Die frühen siebziger Jahre standen im Zeichen von Japans industriellem und technologischem Aufschwung. Es waren Zeiten voller Hoffnung und Lebenshunger. Ich brachte die höhere Schule hinter mich, jobbte in den Ferien als Kellner und erstand mein erstes Motorrad: eine Yamaha 125, keine Spitzenmaschine, aber nicht schlecht für den Anfang. Mit sehr unjapanischer Laxheit bereitete ich meine Aufnahmeprüfung für die Tokio-Universität vor. Bei der schriftlichen Prüfung war ich ziemlich verkatert – nicht vom Lernen – und gähnte dem überwachenden Professor ein paarmal ungeniert ins Gesicht.

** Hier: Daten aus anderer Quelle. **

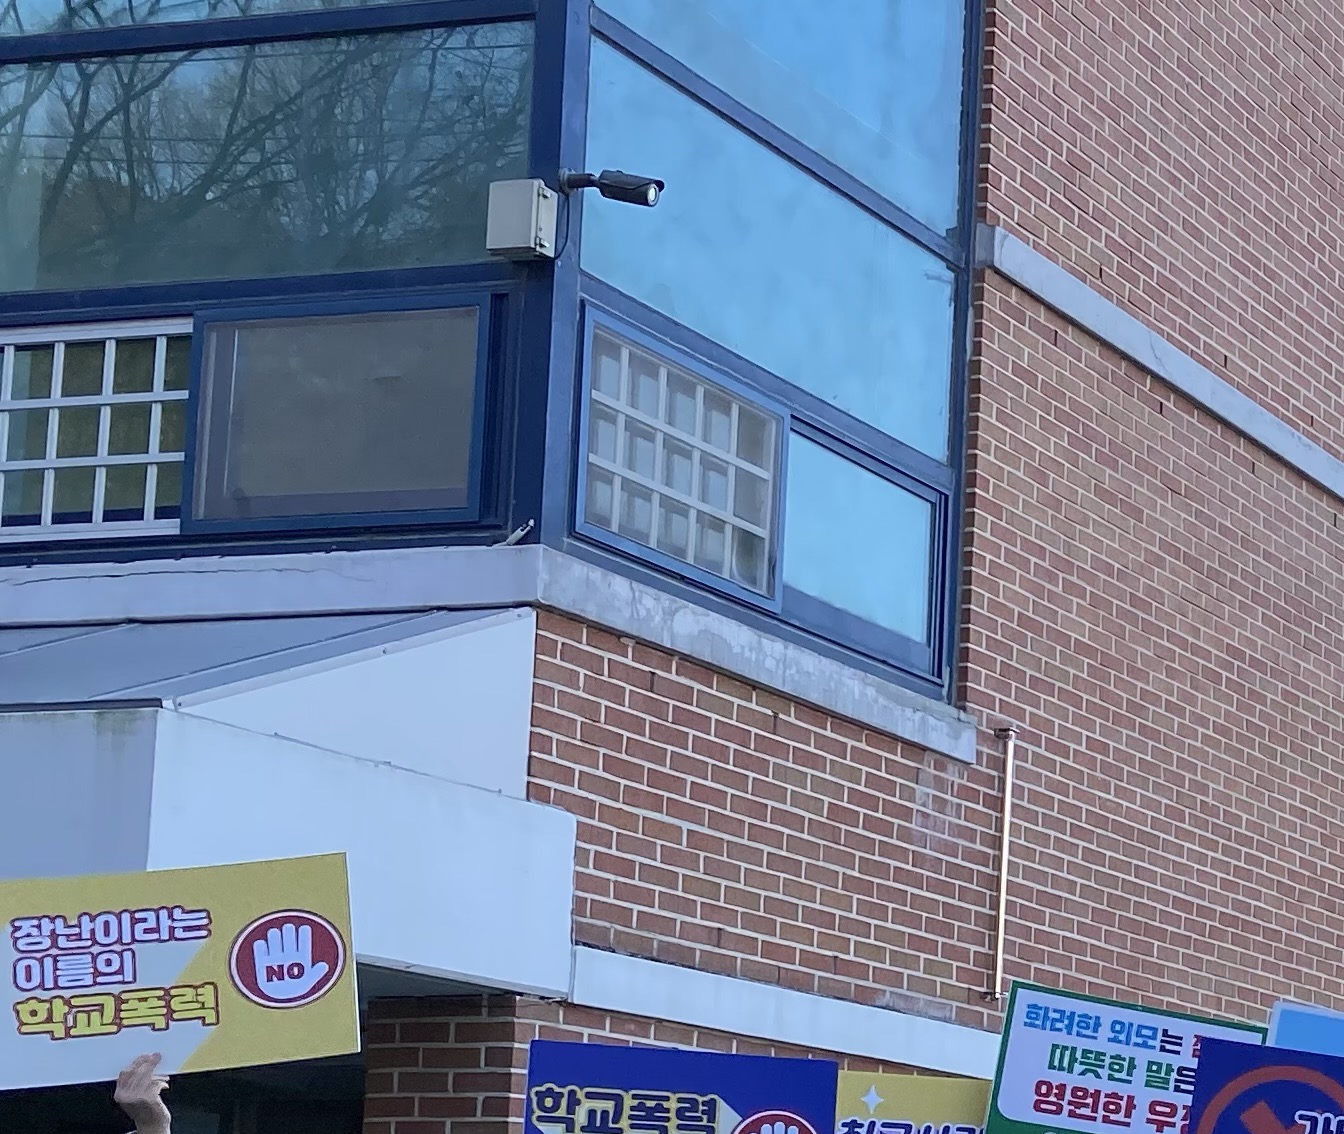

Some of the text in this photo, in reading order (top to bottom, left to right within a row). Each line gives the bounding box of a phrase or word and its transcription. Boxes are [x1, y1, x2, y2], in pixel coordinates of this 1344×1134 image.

Die Namen der Glücklichen wurden von den Universitäten auf großen Tafeln bekannt gegeben. Ich dachte, jetzt hast du deine Chance verpaßt, und war um so mehr überrascht, als ich meinen Namen auf einer dieser Tafeln entdeckte. Nun war ich zum hoffnungsvollen Studenten der Tokio-Universität avanciert, die Krone aller 360
Universitäten des Landes. Daß die ehrenwerte Alma Mater ein schwarzes Schaf in ihren Schoß aufgenommen hatte, zeigte sich bereits am Abend der Eintrittsfeier, als ich mich in betrunkenem Zustand sehr hemmungslos gebärdete. Die anwesenden Bonzen furchten bekümmert die Stirn, die Eltern in feierlichem Gewand sahen beflissen woanders hin, und die Mädchen kicherten. Meine Schwester – im blauroten Kimono wunderschön anzusehen – nippte elegant an ihrem Glas und tat so, als seien wir nicht verwandt. Am nächsten Tag wachte ich mit Kopfschmerzen auf.

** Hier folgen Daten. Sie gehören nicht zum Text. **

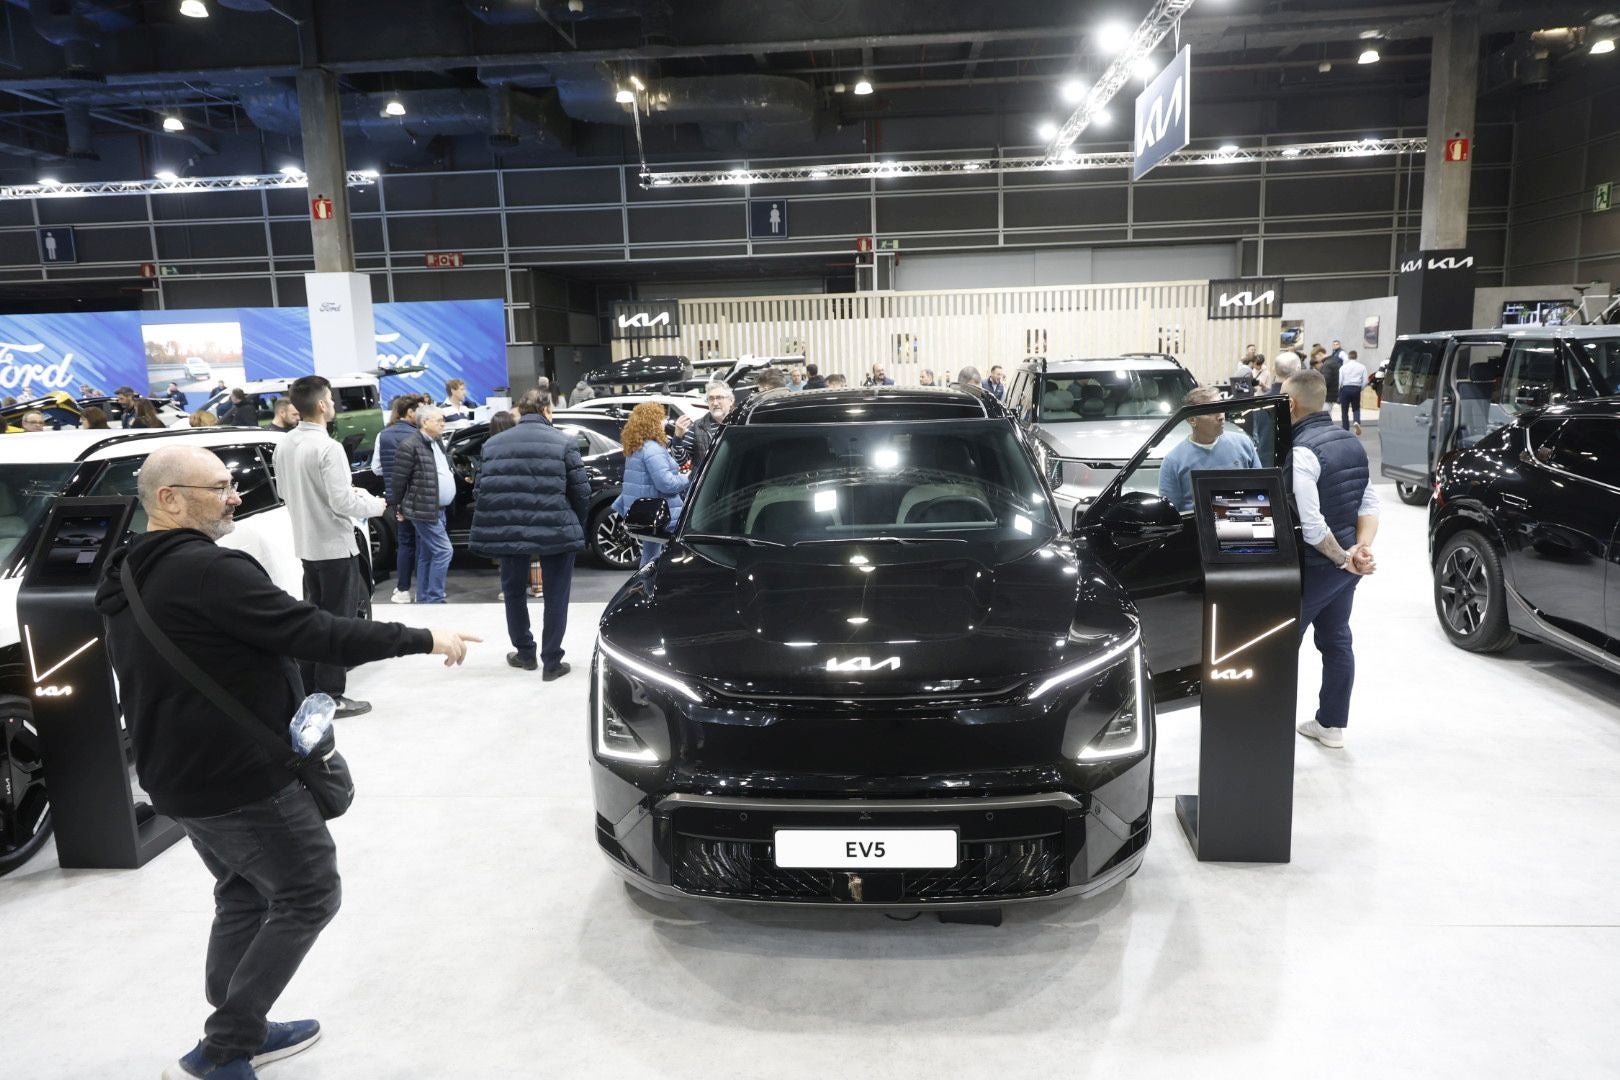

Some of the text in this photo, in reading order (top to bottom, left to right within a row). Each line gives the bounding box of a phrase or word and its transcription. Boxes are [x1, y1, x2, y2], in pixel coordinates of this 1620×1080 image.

[1135, 76, 1182, 157] KIA
[1401, 259, 1422, 272] KIA
[1428, 256, 1473, 269] KIA
[1220, 290, 1274, 306] KIA
[320, 302, 341, 312] Ford
[618, 312, 669, 327] KIA
[826, 657, 900, 670] KIA
[1211, 669, 1252, 679] KIA
[36, 686, 72, 696] KIA
[846, 842, 886, 857] EV5
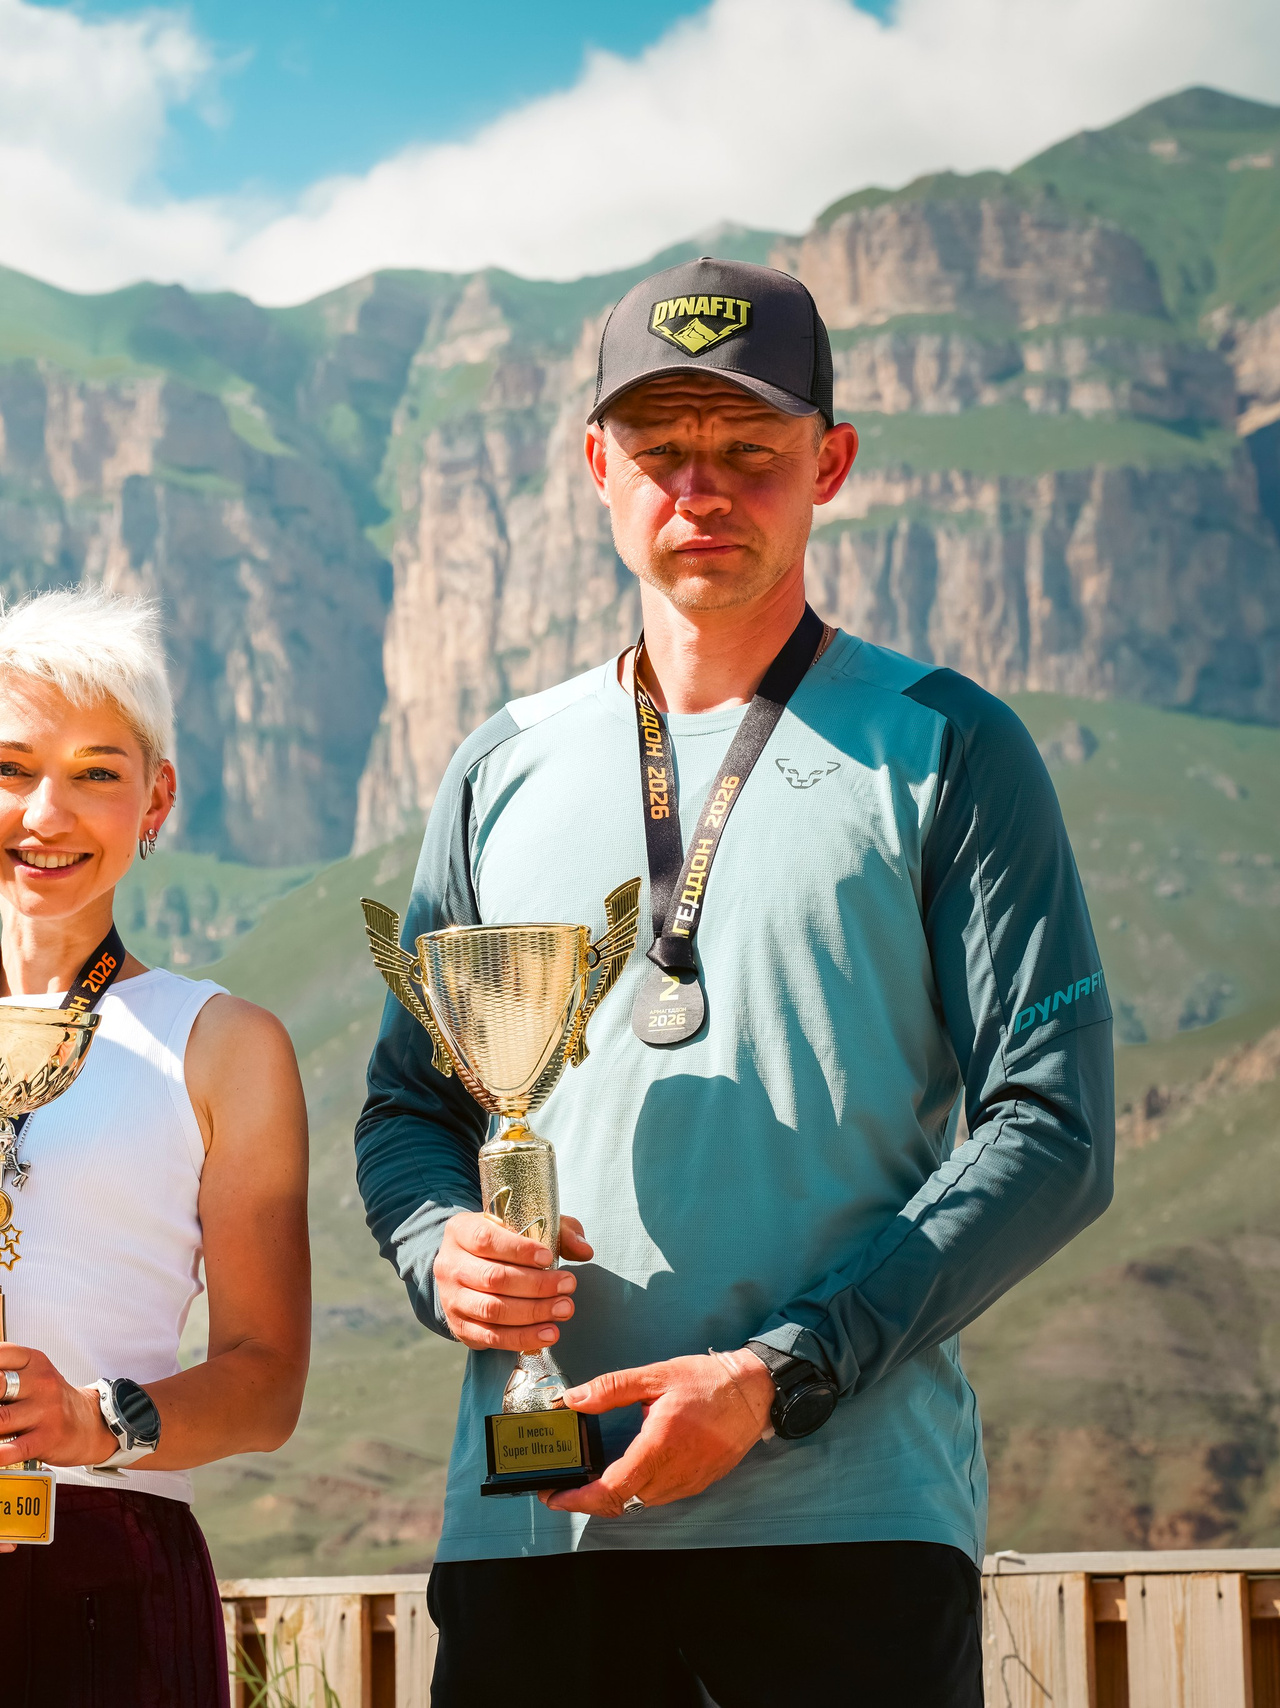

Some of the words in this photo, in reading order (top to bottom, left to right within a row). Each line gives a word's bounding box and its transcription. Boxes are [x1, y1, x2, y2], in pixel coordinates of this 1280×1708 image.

[652, 296, 751, 327] DYNAFIT
[637, 680, 663, 757] ЕДДОН
[647, 765, 670, 820] 2026
[671, 838, 714, 939] ГЕДДОН
[704, 775, 741, 829] 2026
[81, 951, 117, 993] 2026
[660, 975, 680, 1001] 2
[648, 1013, 686, 1027] 2026
[518, 1426, 524, 1439] II
[526, 1427, 554, 1437] место
[503, 1445, 528, 1459] Super
[531, 1442, 554, 1455] Ultra
[556, 1440, 572, 1453] 500
[16, 1496, 41, 1517] 500

Ich belegte die Fächer Betriebswirtschaft und Elektronik. Daneben lernte ich Sprachen: Französisch, Englisch, Latein. Als Kompensation führte ich einer jener Rockerbanden an, die mit mitternächtlichen Motorradrallyes ihre Mitbürger um den wohlverdienten Schlaf brachten. Ich fuhr meine Yamaha zu Schrott, brach mir das Schienbein und lief einen Monat auf Krücken herum. Danach wurde ich ruhiger.

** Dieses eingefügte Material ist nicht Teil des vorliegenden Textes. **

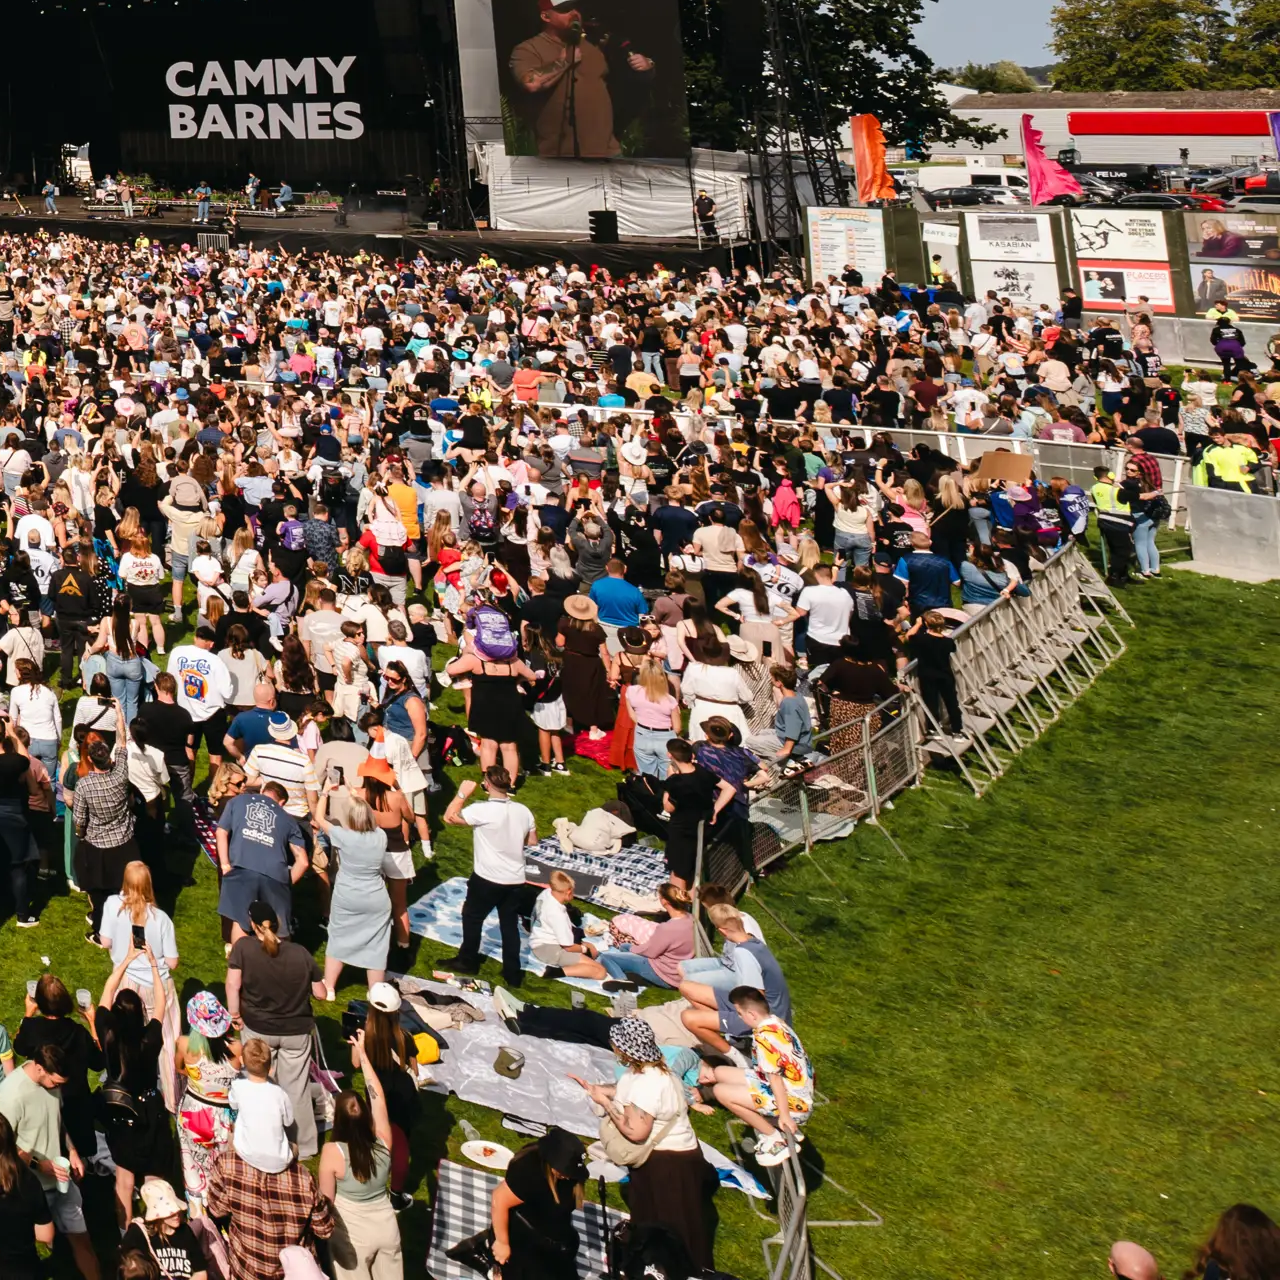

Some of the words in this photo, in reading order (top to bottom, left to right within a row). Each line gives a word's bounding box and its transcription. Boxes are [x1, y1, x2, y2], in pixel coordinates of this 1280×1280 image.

Eine meiner Freundinnen war Filmfanatikerin. Trieben wir es nicht gerade auf einem Futon, saßen wir im Kino. La Nouvelle Vague. Godard und Truffaut. Ich las Pieyre de Mandiargues, Paul Nizan, Le Clézio, Lautréamont. Und bald auch Jean-Paul Sartre, Rosa Luxemburg und Bakunin. Es war die Zeit der Studentenbewegungen, der Demonstrationen gegen den Vietnam-Krieg. Ich war schon im vierten Jahr, als es los ging. Die Eltern drückten ein Auge zu, wenn ihre vielversprechenden Sprößlinge durch Tokios Straßen randalierten. Die Gesellschaft duldete diese Demonstrationen. Die Permissivität der Nachkriegsjahre hatte eine unreife, ichbezogene Generation herangezüchtet. Ich organisierte Sitzstreiks auf dem Campus, verteilte Flugblätter und hielt flammende Reden. Als Kind und Halbwüchsiger hatte ich bewußt – soweit man in diesem Alter etwas bewußt tut –
gegen jede Autorität rebelliert. Übte man Kritik an mir, war ich überzeugt, daß sämtliche Kritiker – gleich, ob es sich um meine Schwester, die Professoren oder jemand anderes handelte – unrecht haben mußten. Ein weiterer Grund mag gewesen sein, daß ich am Zerstören Spaß hatte. Es war erregend, Steine zu werfen, Verkehrsampeln zu zertrümmern, Polizisten zu verprügeln. Und wenn ich nicht so viel zerstören konnte, wie ich eigentlich wollte, so konnte ich wenigstens Widerstand leisten. Meine Gedanken bewegten sich ständig im Kreis: Wie klug bin ich, daß ich weiß, daß ich nichts weiß. Wie einsichtig bin ich doch, mir meine Dummheit so weise vor Augen zu führen. Und wie beschränkt sind alle anderen, die nicht merken, daß ich eine Leuchte bin. Und so weiter, immer im Kreis.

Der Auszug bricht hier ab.